Если, послав к чертям тетку и собственные философские искания, можно укатить в Заполярье, значит, жизнь не так уж плоха. И не то что в Заполярье нет теток и философских исканий, но единственно потому, что если даже и не там, то где-нибудь в иных краях непременно найдется много дел и много людей, которым нужен ты сам, твой ум, твои руки. А если так, то да здравствует такая жизнь! Здравствуй, ветер дорог, ширь земли, высь небес! Да здравствуют горизонты Родины, которая такая большая и которая вся твоя! Жить не так уж плохо. Просто-таки превосходное занятие — жить на свете. А если к тому же начать все сначала, то это же счастье — вот что это такое!
Саша тайком собрал пожитки в мешок и отправился на пункт оргнабора, где накануне он уже побывал. День был пасмурный, будничный. Трамвай, в котором он ехал половину пути, был пуст, как всегда в это время дня, и, как всегда, оглушительно грохотал. Этот трамвай был ему мил: ведь он с ним расставался. И со всем городом своим Саша расставался. Он скучноватый, сероватый, городишко этот, как многие на севере России. Но, может быть, этим-то он и мил. Прощай, старина! Спасибо тебе за все!
Пункт оргнабора помещался возле рынка. Вербовщик, веселый человек, положил Сашин паспорт в свой портфель, выдал ему сто рублей в счет подъемных и велел дожидаться двенадцати часов, когда все отъезжающие соберутся. Такое деловое обращение Саше очень понравилось. Удачно оказалось и то, что не было митинга. Из города часто уезжали на стройки, на митингах играл оркестр и говорилось много хвалебных слов. Слушать их Саше было бы совестно.
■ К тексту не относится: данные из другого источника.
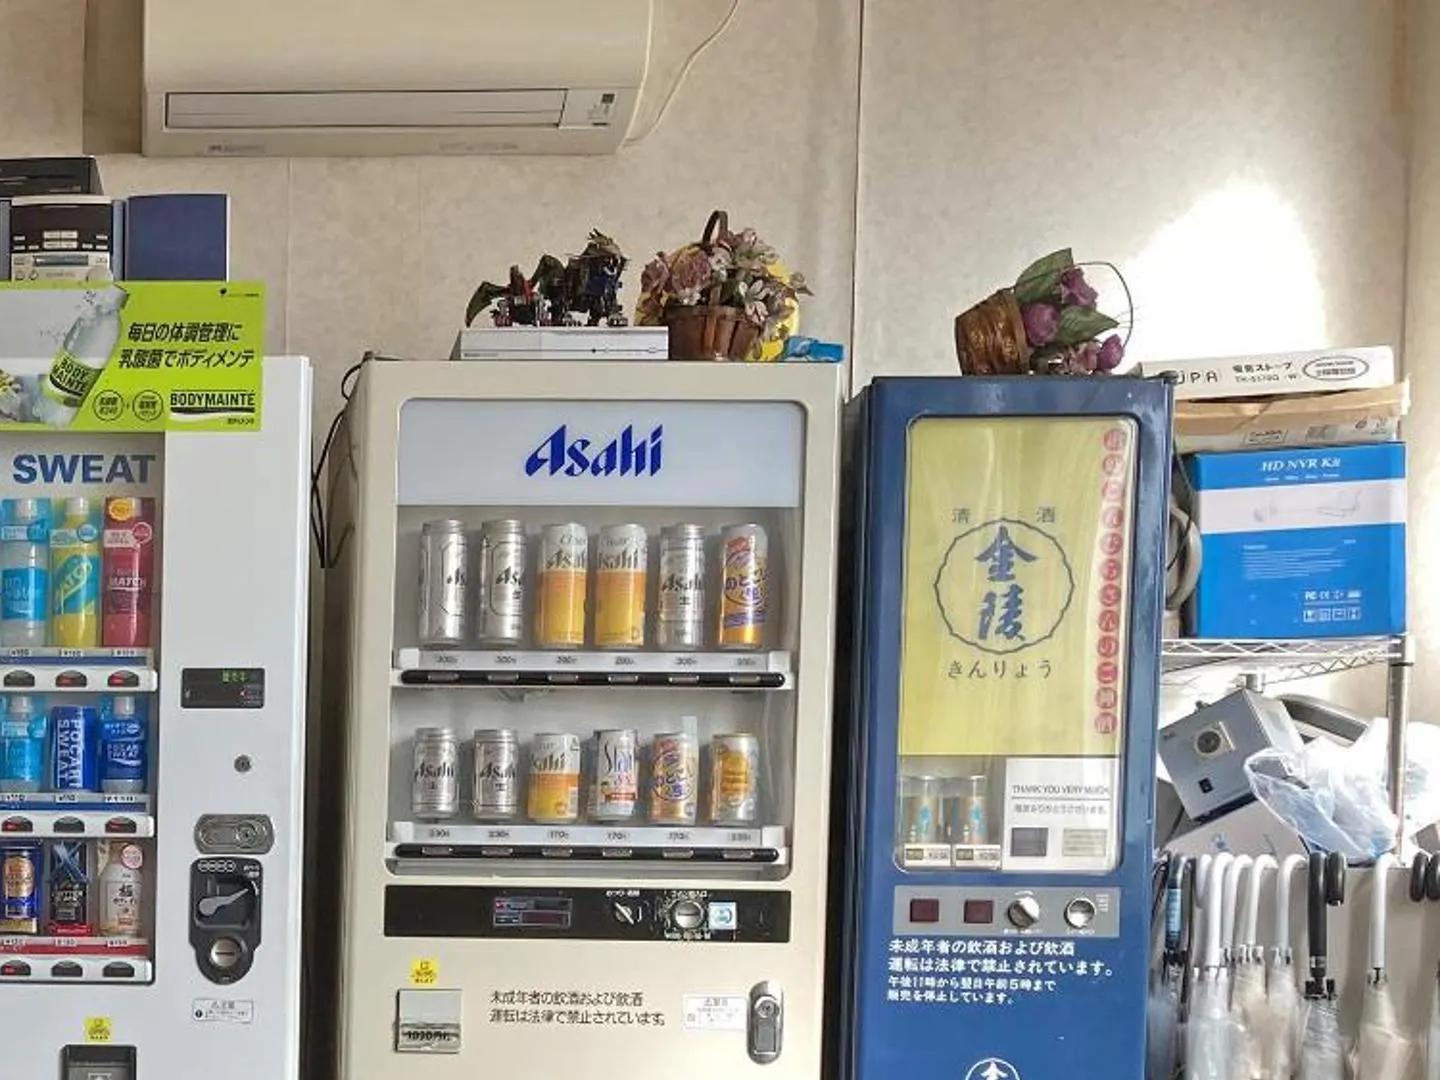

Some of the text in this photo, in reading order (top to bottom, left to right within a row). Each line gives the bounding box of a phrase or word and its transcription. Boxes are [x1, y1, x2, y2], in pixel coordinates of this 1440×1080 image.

Ведь он-то, чего греха таить, ехал в Заполярье не столько по зову души и велению сердца, сколько затем, чтоб сбежать от тетки.
На рынке было шумно и ярко, несмотря на пасмурный день. Посреди площади стоял большой щит, на котором был изображен вдохновенный юноша со взором, устремленным вдаль. Юноша призывал активно включаться в мероприятия по сбору старых кастрюль, тряпья и макулатуры, поскольку это увеличивает сырьевые ресурсы. Саша обстоятельно разглядел щит, охотно простил светозарному юноше его глупость и пошел по рынку с чувством свободы, которое испытываешь всякий раз в ожидании хороших перемен.
Тут-то он и встретил Фаину. Роковая женщина покупала редьку.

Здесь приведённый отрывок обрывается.